Miha Colner (born 1978) has graduated from Art History and works as a freelance curator and art critic. Colner works as a curator and programme coordinator at the International Centre of Graphic Arts / Svicarija Creative Centre in Ljubljana. He is also active as a publicist, specialised in photography, printmaking, artists’ moving image and various forms of (new) media art. In the period 2006-2016 he was a curator at Photon – Centre for Contemporary Photography, Ljubljana. Since 2005 he has been a contributor of newspapers, magazines, specialist publications, and his personal blog, as well as part-time lecturer.
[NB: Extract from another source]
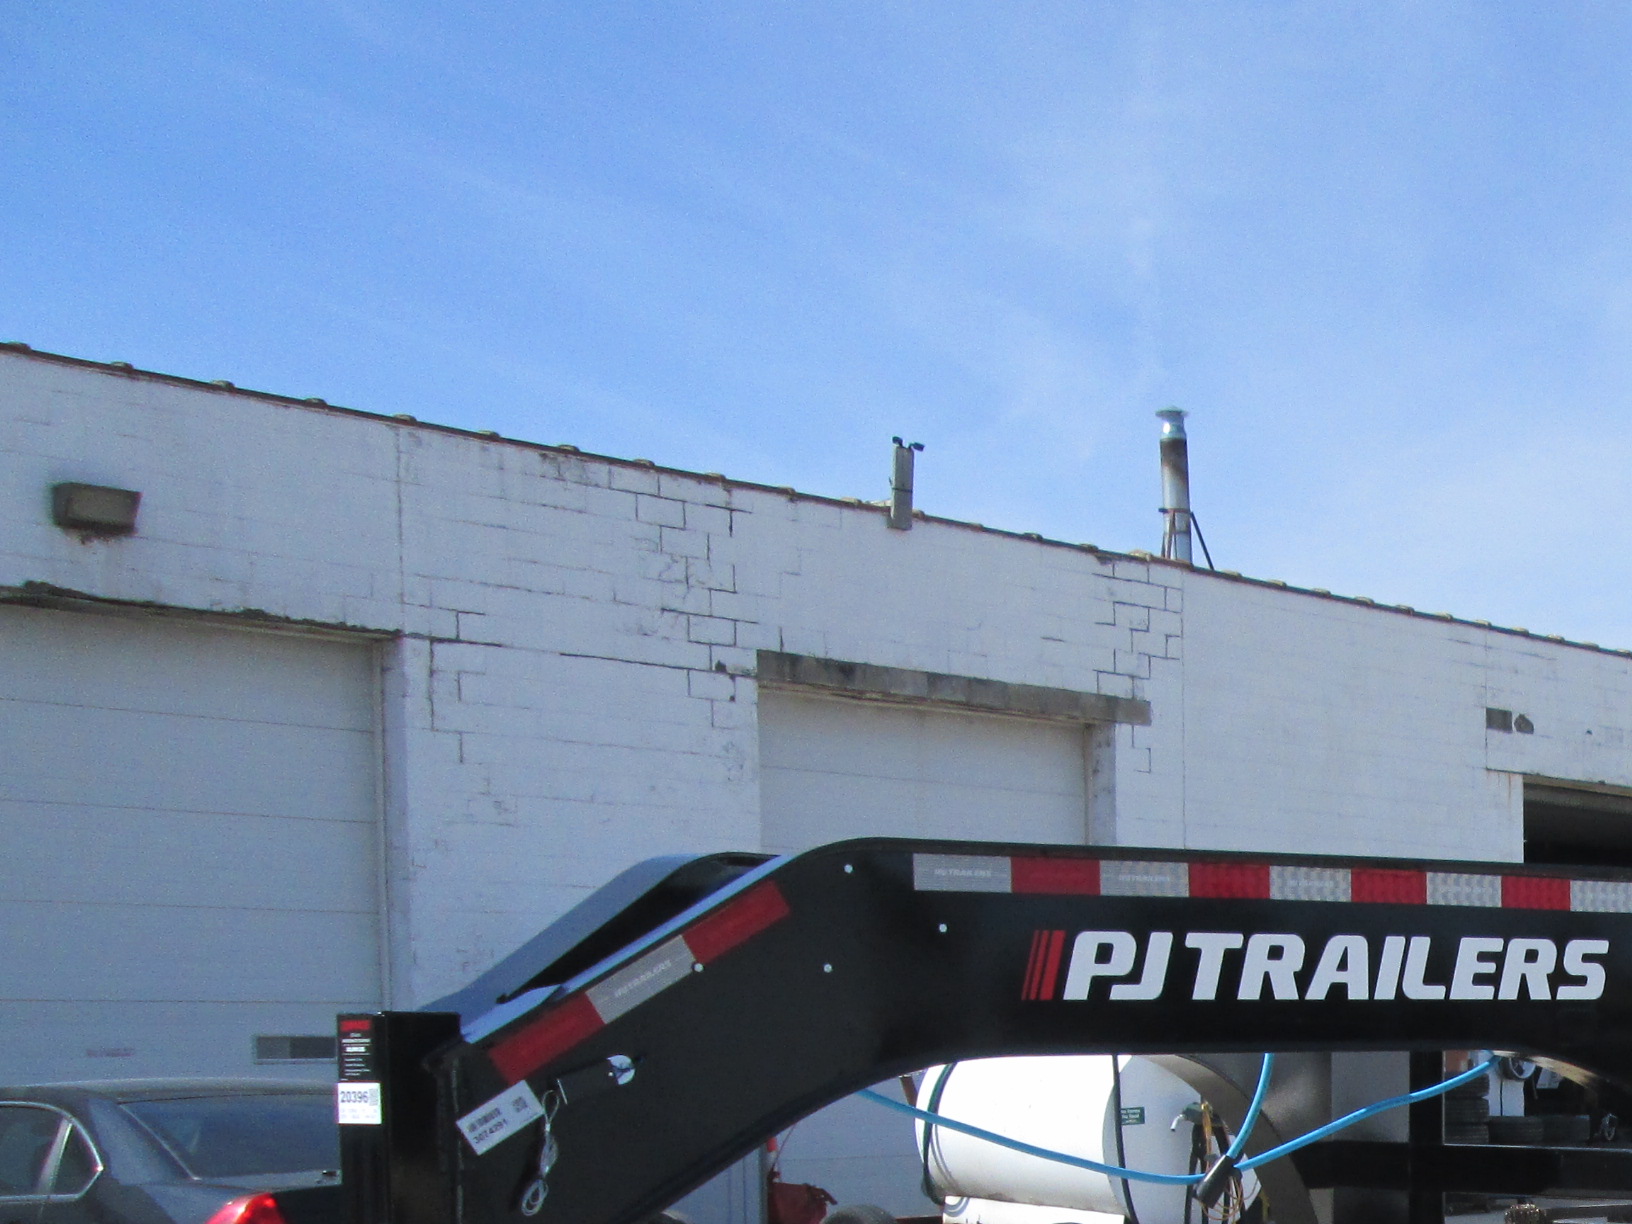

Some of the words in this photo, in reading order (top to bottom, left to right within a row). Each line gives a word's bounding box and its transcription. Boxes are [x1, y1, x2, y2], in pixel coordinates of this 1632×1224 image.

[1063, 930, 1174, 1001] PJ
[1185, 931, 1609, 1001] TRAILERS
[340, 1091, 369, 1104] 20396
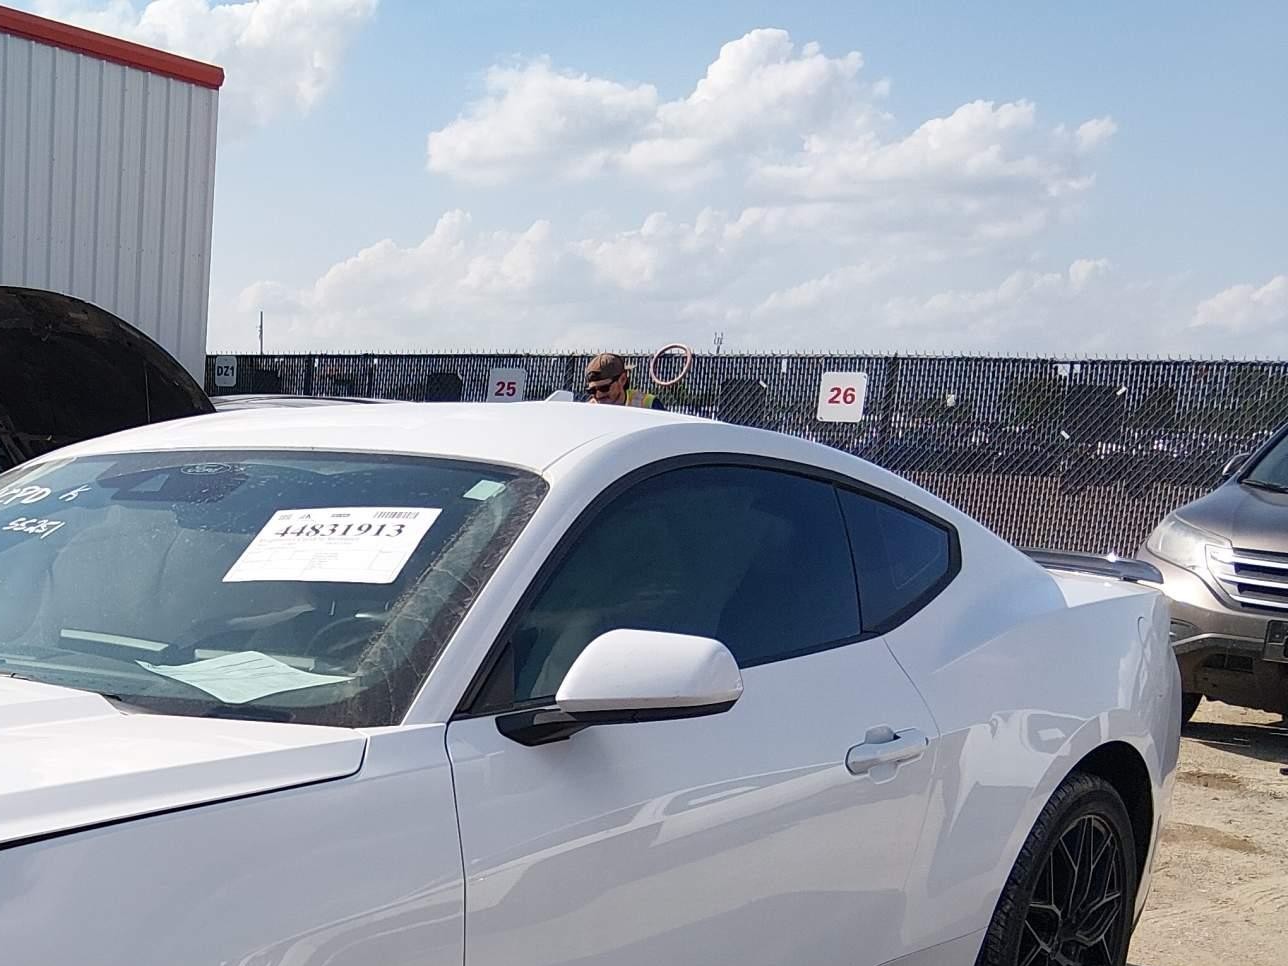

In 2006, he became a member of the project group Station DIVA at the SCCA Institute in Ljubljana, which is creating an archive and conducts research on Slovenian video art. In 2007, he co-curated and co-organized Break 2.4 festival, held biannually by K6/4 Institute. Since 2005, he has also worked as an art critic and a regular member of the cultural department at Radio Študent – he is an editor of the show on contemporary art Art-Area. He is also a regular external contributor to the daily newspaper Dnevnik and to the magazines Fotografija and Art-Words. He occasionally contributes to other specialist magazines on fine art and music, such as Maska, Forum, Časopis za kritiko znanosti, Flash, Folio, Zarez, Art Kontura, Frakcija (Croatia), Foto dokumenti (Serbia), Flaneur, Cluster (Great Britain), and Sculpture Network (USA).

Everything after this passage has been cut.